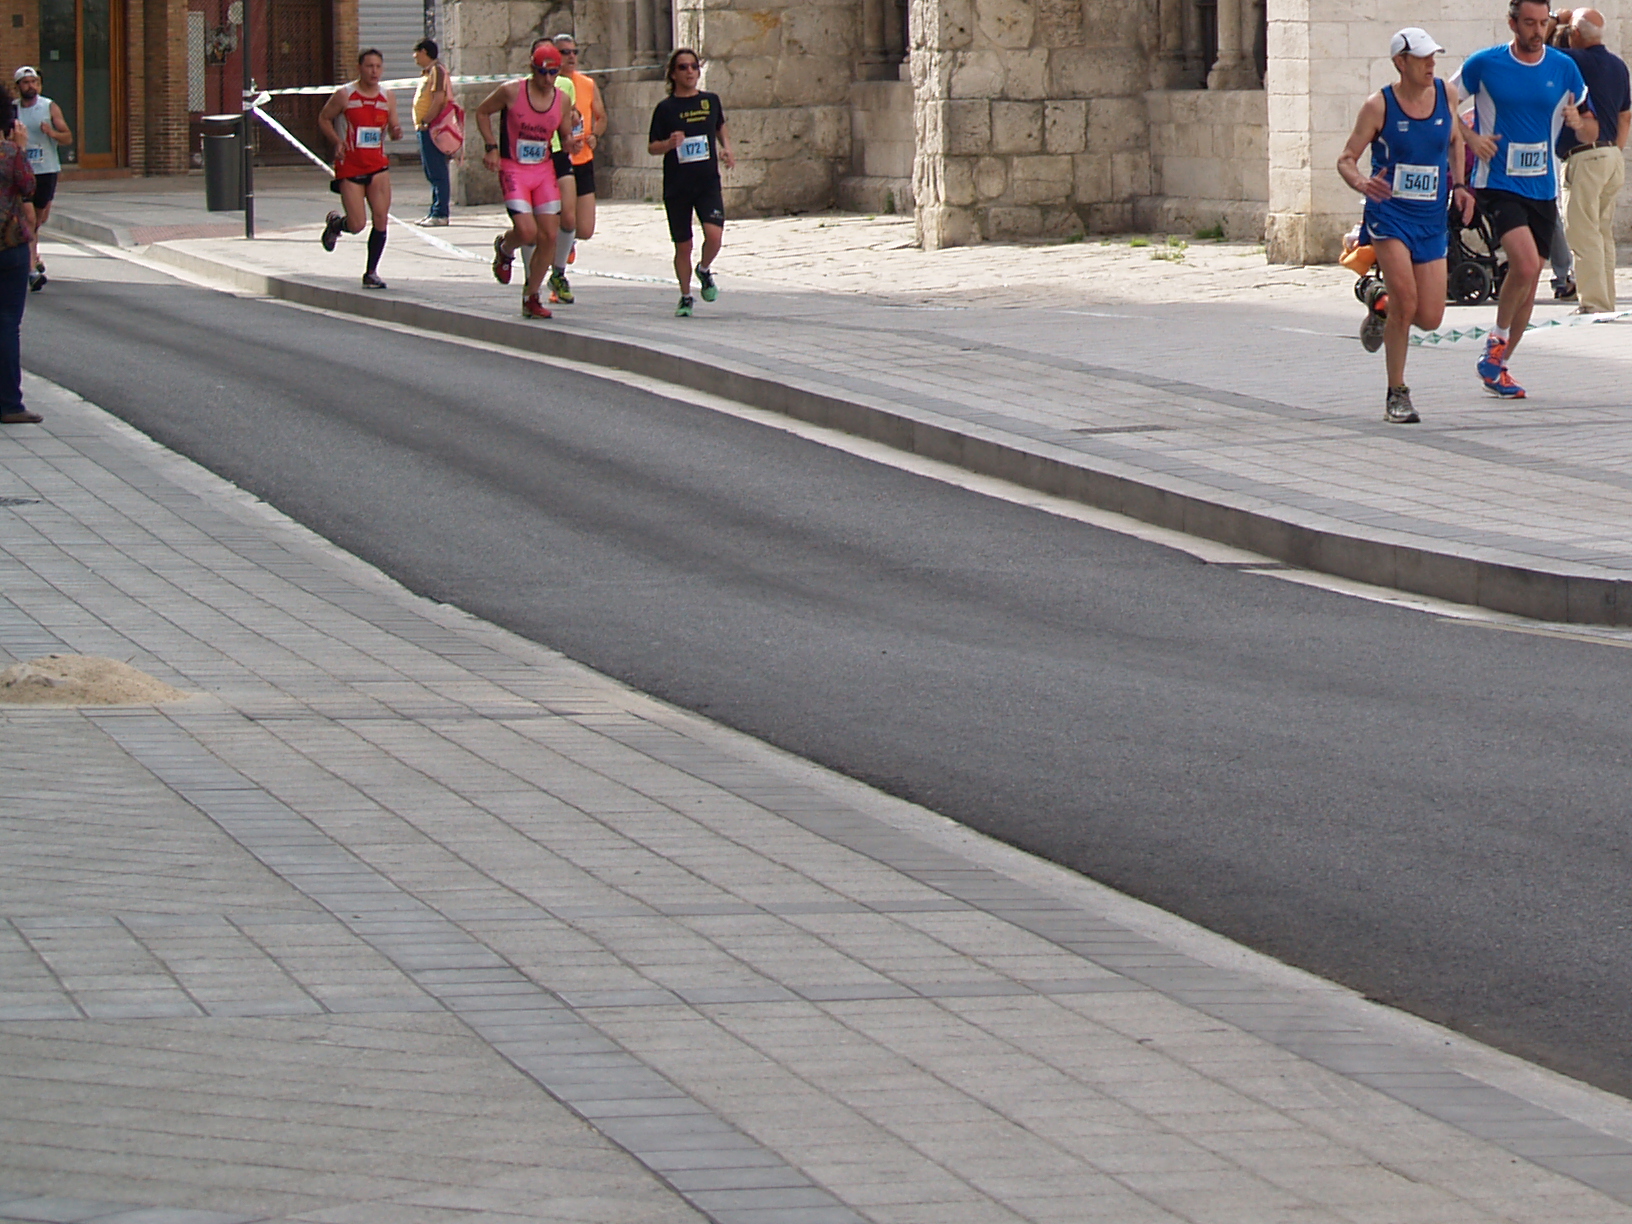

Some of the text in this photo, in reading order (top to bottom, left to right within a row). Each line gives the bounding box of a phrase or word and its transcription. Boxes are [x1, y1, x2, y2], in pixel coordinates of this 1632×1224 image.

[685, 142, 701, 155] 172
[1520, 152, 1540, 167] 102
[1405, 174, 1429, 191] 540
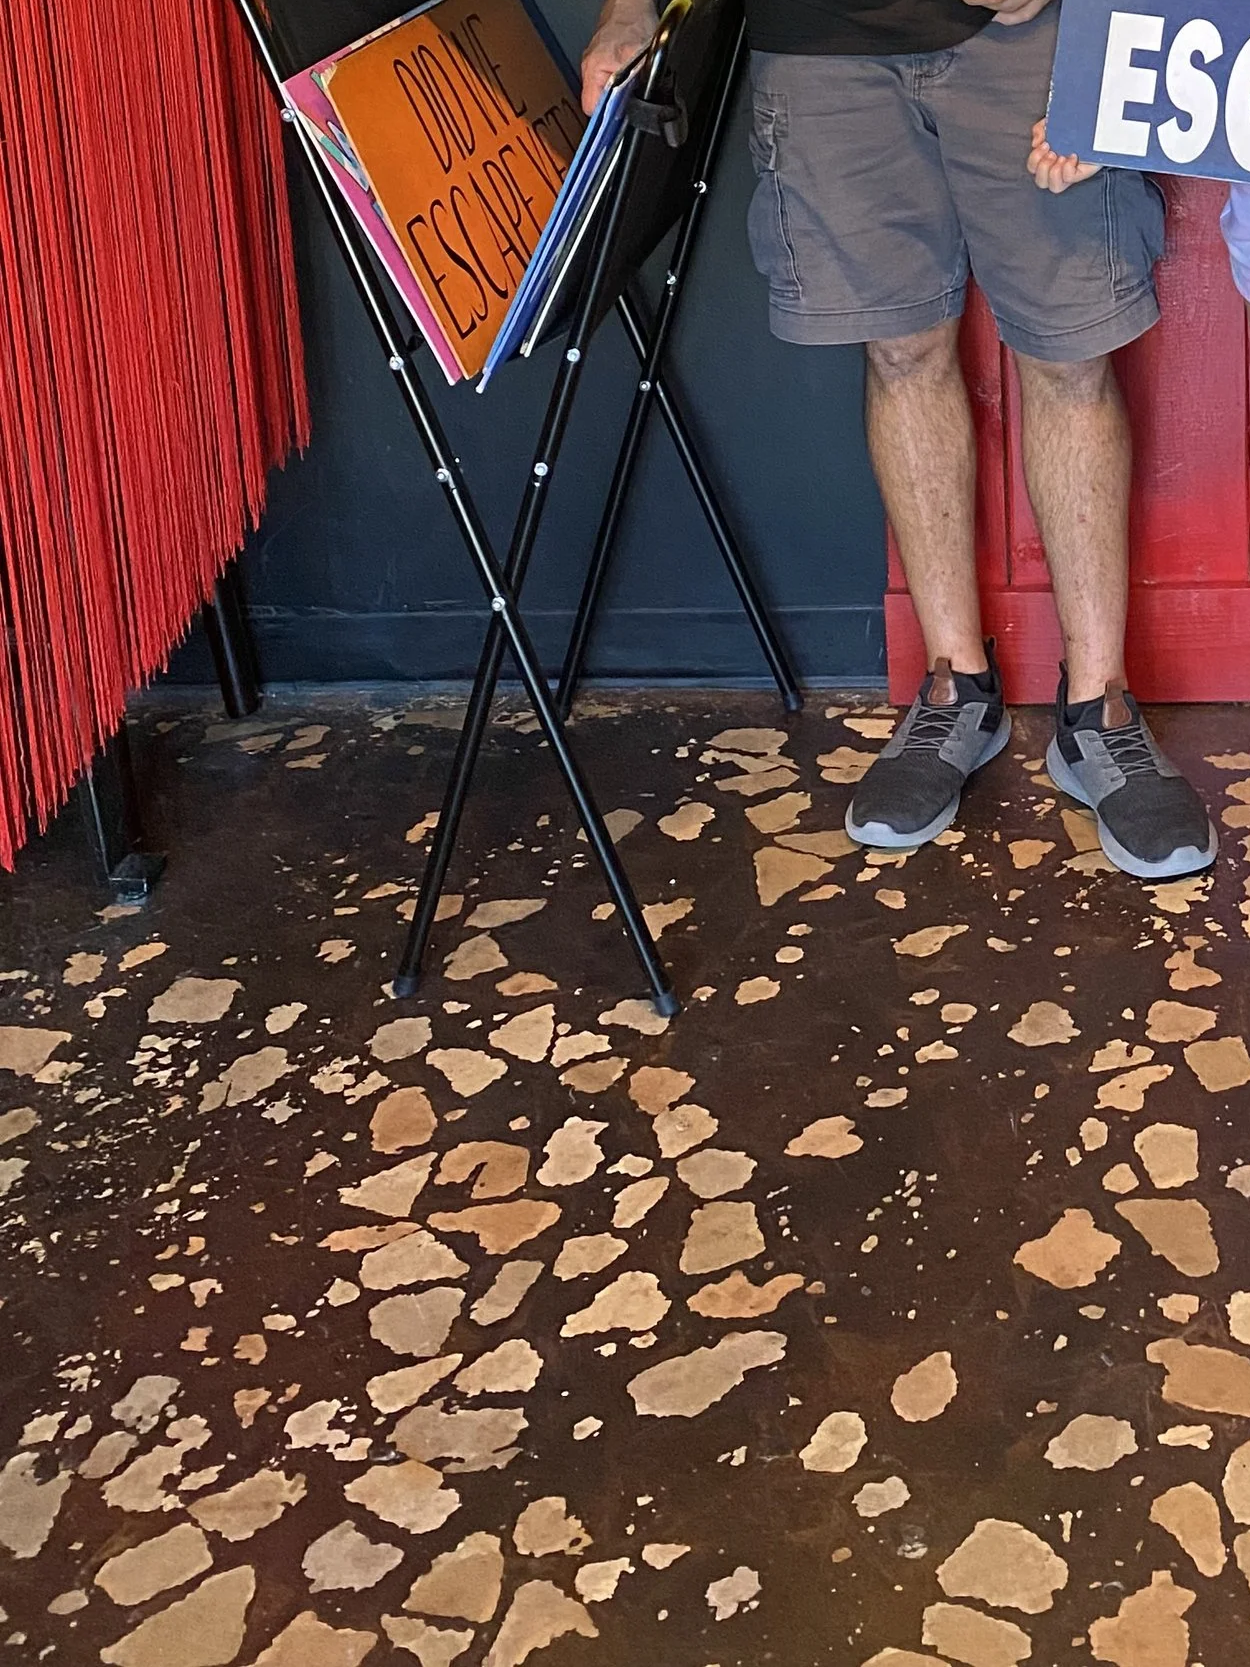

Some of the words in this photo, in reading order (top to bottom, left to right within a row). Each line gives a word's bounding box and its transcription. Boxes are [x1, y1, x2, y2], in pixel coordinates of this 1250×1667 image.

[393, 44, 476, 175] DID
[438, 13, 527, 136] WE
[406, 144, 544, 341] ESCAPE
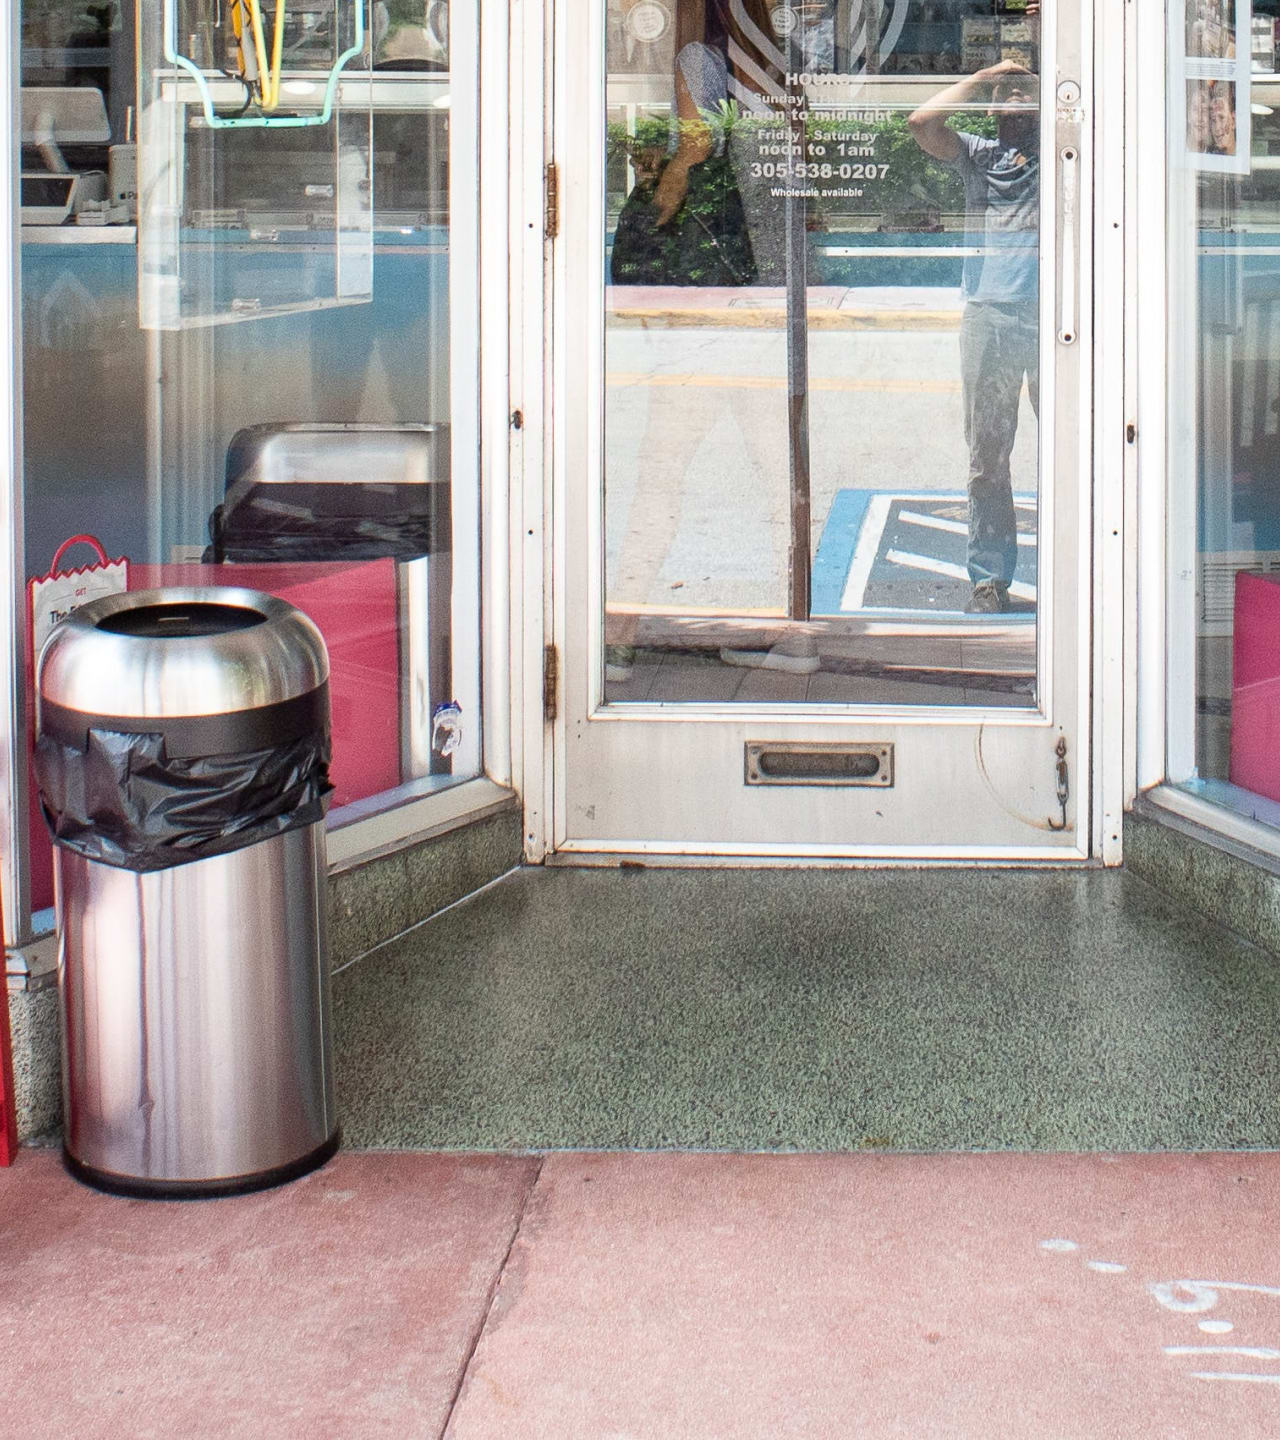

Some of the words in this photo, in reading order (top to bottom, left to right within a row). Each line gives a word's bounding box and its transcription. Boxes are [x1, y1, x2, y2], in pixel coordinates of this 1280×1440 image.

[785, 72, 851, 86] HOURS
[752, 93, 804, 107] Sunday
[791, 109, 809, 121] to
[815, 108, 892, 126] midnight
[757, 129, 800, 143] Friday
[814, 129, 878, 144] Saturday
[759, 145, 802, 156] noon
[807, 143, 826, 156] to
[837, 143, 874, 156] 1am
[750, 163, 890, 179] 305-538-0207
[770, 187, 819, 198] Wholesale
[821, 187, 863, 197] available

ACTIVITY:
Every line of the listing above is to be retyped exactly, but the pictures are to be dropped.

YOUR RESPONSE:
Some of the text in this photo, in reading order (top to bottom, left to right within a row). Each line gives the bounding box of a phrase or word and its transcription. Boxes are [x1, y1, x2, y2], in pixel coordinates of this 1632×1224 image.

[685, 142, 701, 155] 172
[1520, 152, 1540, 167] 102
[1405, 174, 1429, 191] 540

Some of the words in this photo, in reading order (top to bottom, left to right within a row). Each line gives a word's bounding box and its transcription. Boxes are [x1, y1, x2, y2], in pixel coordinates of this 1250×1667 image.

[393, 44, 476, 175] DID
[438, 13, 527, 136] WE
[406, 144, 544, 341] ESCAPE

Some of the words in this photo, in reading order (top to bottom, left to right within a row). Each line gives a word's bounding box and its transcription. Boxes are [x1, y1, x2, y2], in pixel coordinates of this 1280×1440 image.

[785, 72, 851, 86] HOURS
[752, 93, 804, 107] Sunday
[791, 109, 809, 121] to
[815, 108, 892, 126] midnight
[757, 129, 800, 143] Friday
[814, 129, 878, 144] Saturday
[759, 145, 802, 156] noon
[807, 143, 826, 156] to
[837, 143, 874, 156] 1am
[750, 163, 890, 179] 305-538-0207
[770, 187, 819, 198] Wholesale
[821, 187, 863, 197] available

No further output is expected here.